What this task involves: All of the records below must be output exactly, with no pictures carried over.

(Source records)
☆ ☆ ☆ ☆ ☆

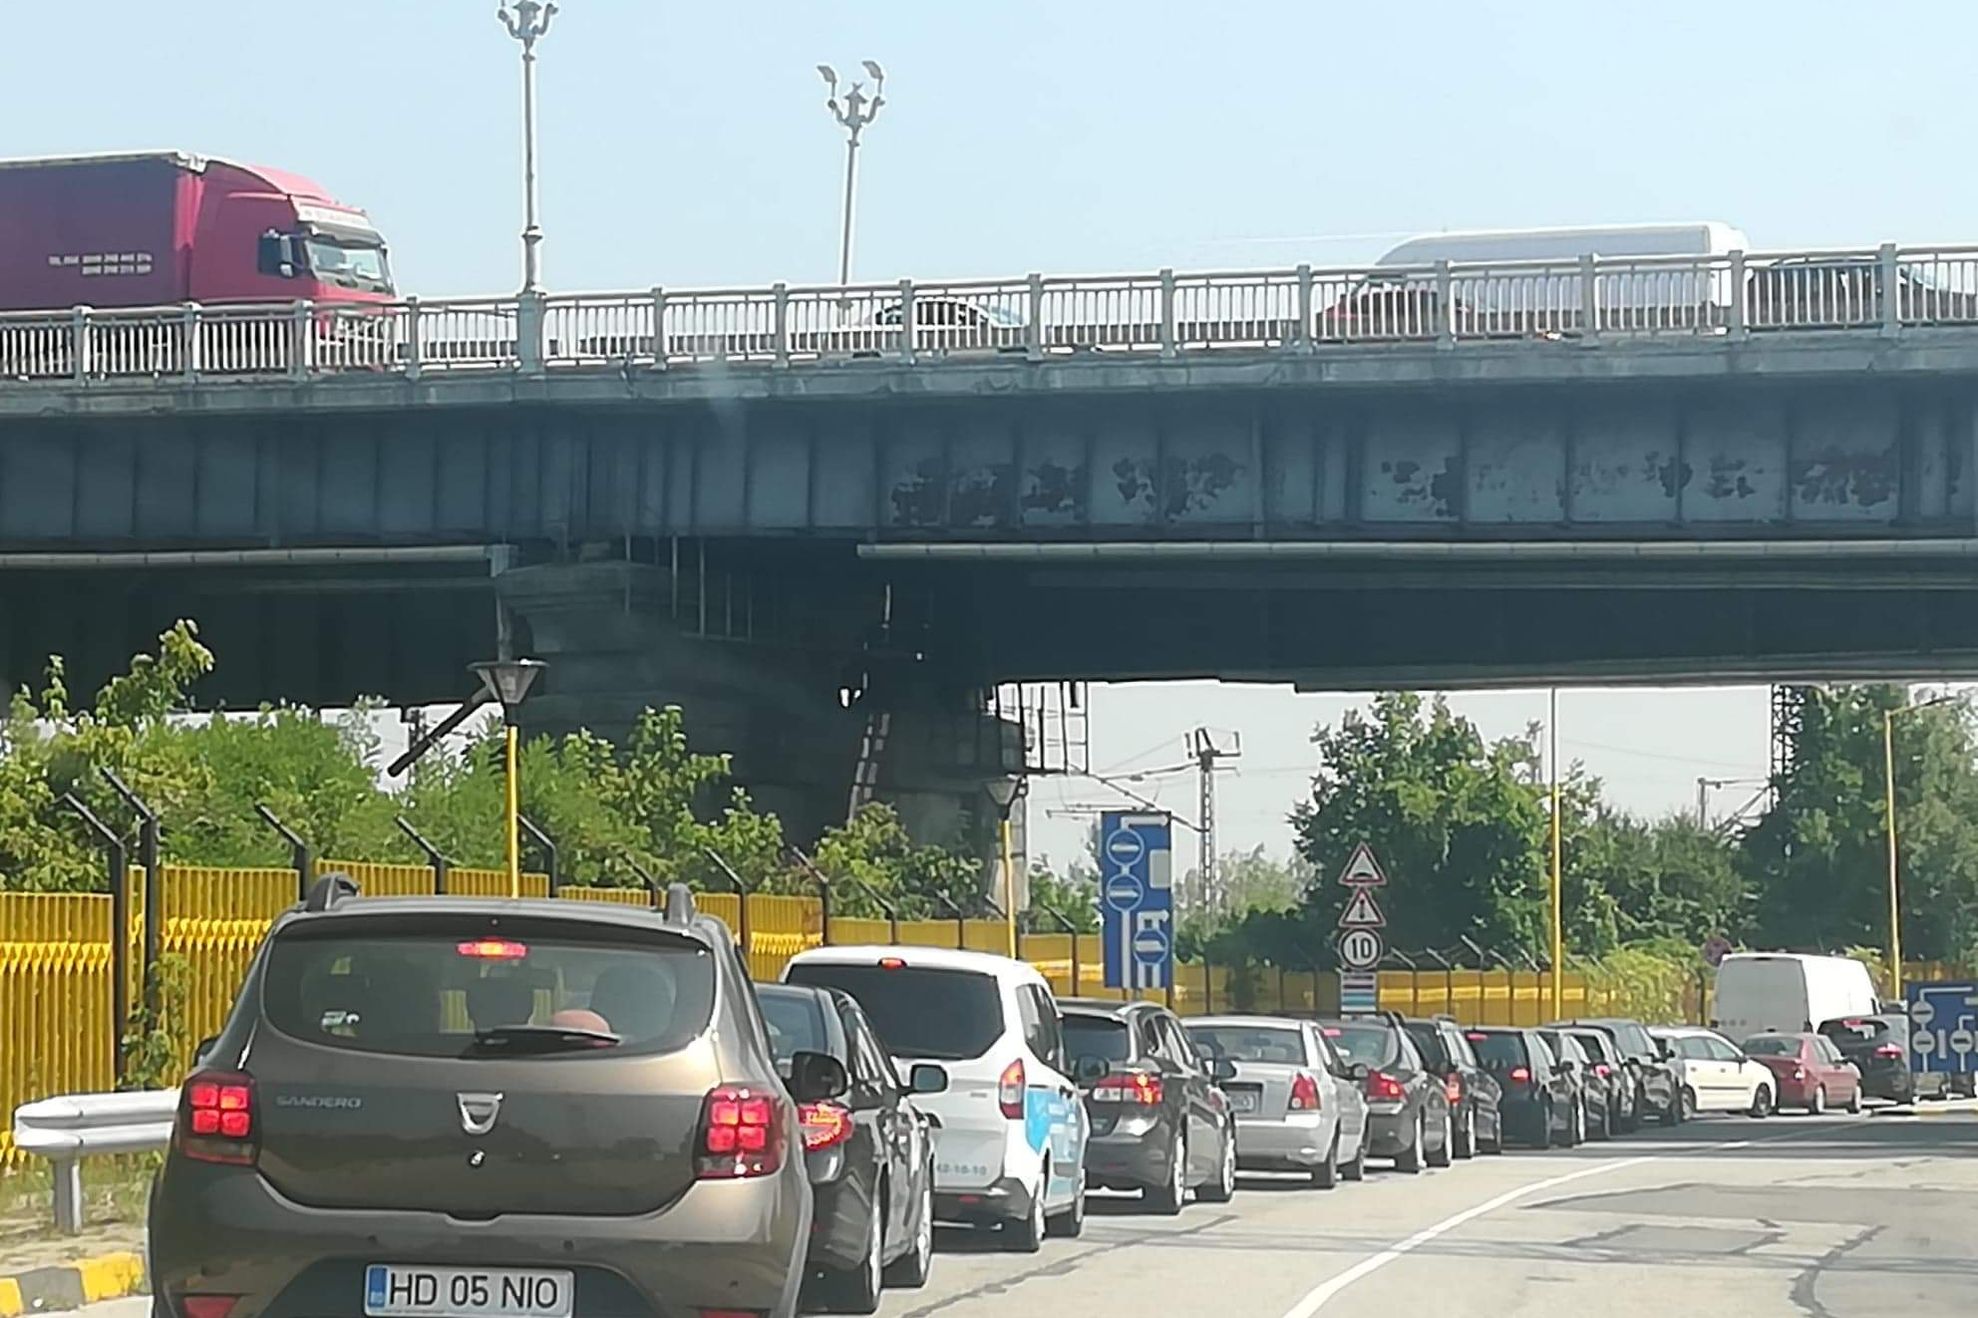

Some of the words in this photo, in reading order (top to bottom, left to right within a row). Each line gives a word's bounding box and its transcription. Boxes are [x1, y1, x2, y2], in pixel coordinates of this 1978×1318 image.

[1351, 938, 1372, 959] 10
[276, 1096, 361, 1108] SANDERO
[389, 1273, 437, 1306] HD
[451, 1275, 488, 1307] 05
[501, 1276, 558, 1309] NIO
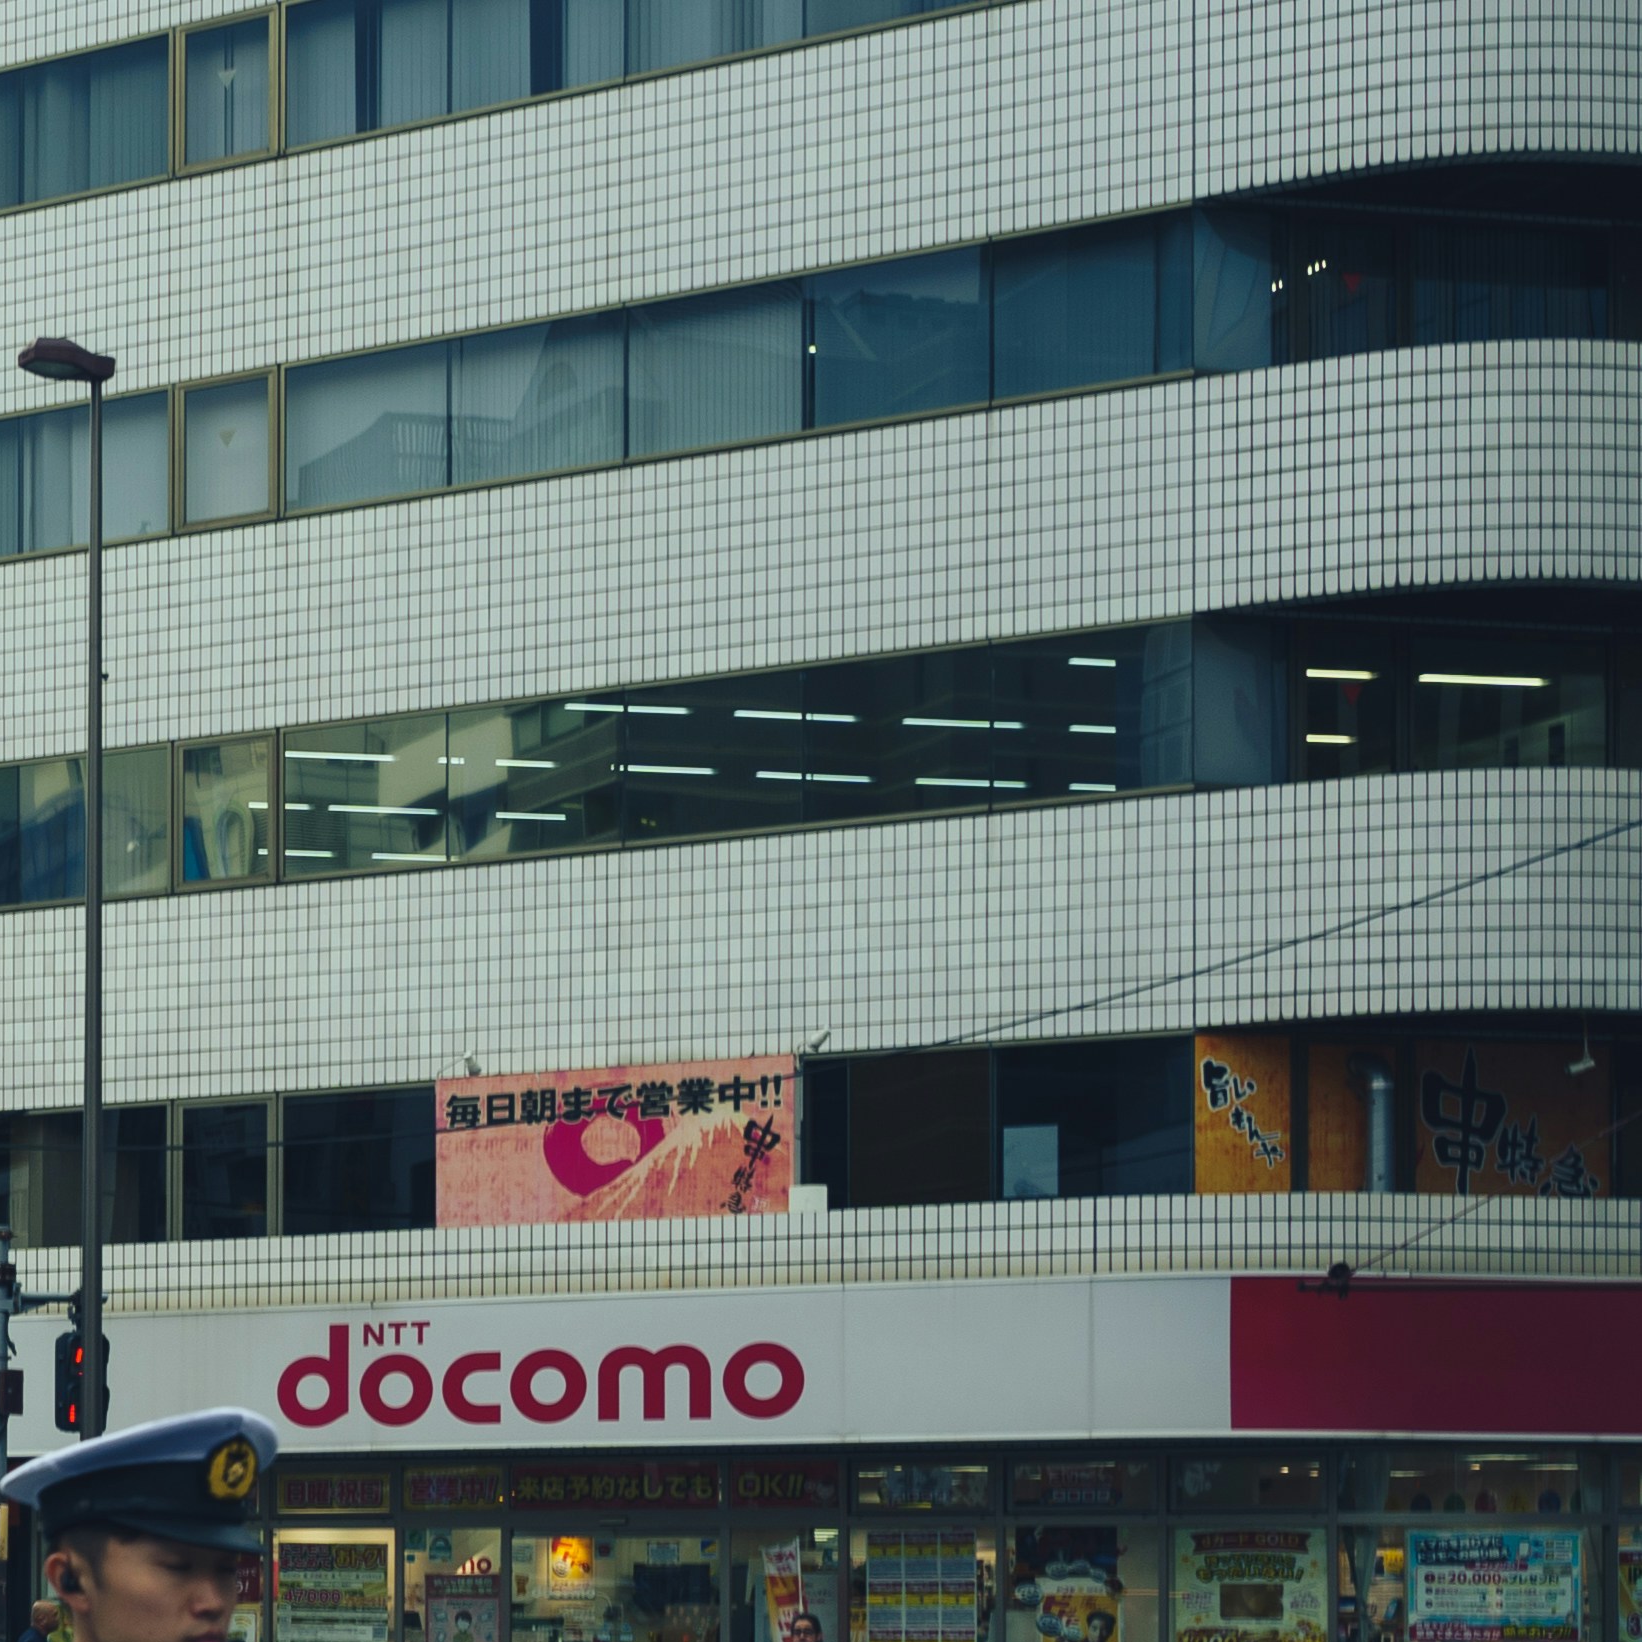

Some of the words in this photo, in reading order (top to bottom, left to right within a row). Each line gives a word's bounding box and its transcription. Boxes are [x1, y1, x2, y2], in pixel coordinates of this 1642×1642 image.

☆ ☆ ☆ ☆ ☆

Result of this task:
Some of the words in this photo, in reading order (top to bottom, left to right within a row). Each line gives a word's bounding box and its transcription. Boxes are [x1, y1, x2, y2], in pixel coordinates of this 1978×1318 image.

[1351, 938, 1372, 959] 10
[276, 1096, 361, 1108] SANDERO
[389, 1273, 437, 1306] HD
[451, 1275, 488, 1307] 05
[501, 1276, 558, 1309] NIO

Some of the words in this photo, in reading order (top to bottom, left to right within a row). Each line gives a word's bounding box and its transcription. Boxes are [x1, y1, x2, y2], in pixel coordinates of this 1642×1642 image.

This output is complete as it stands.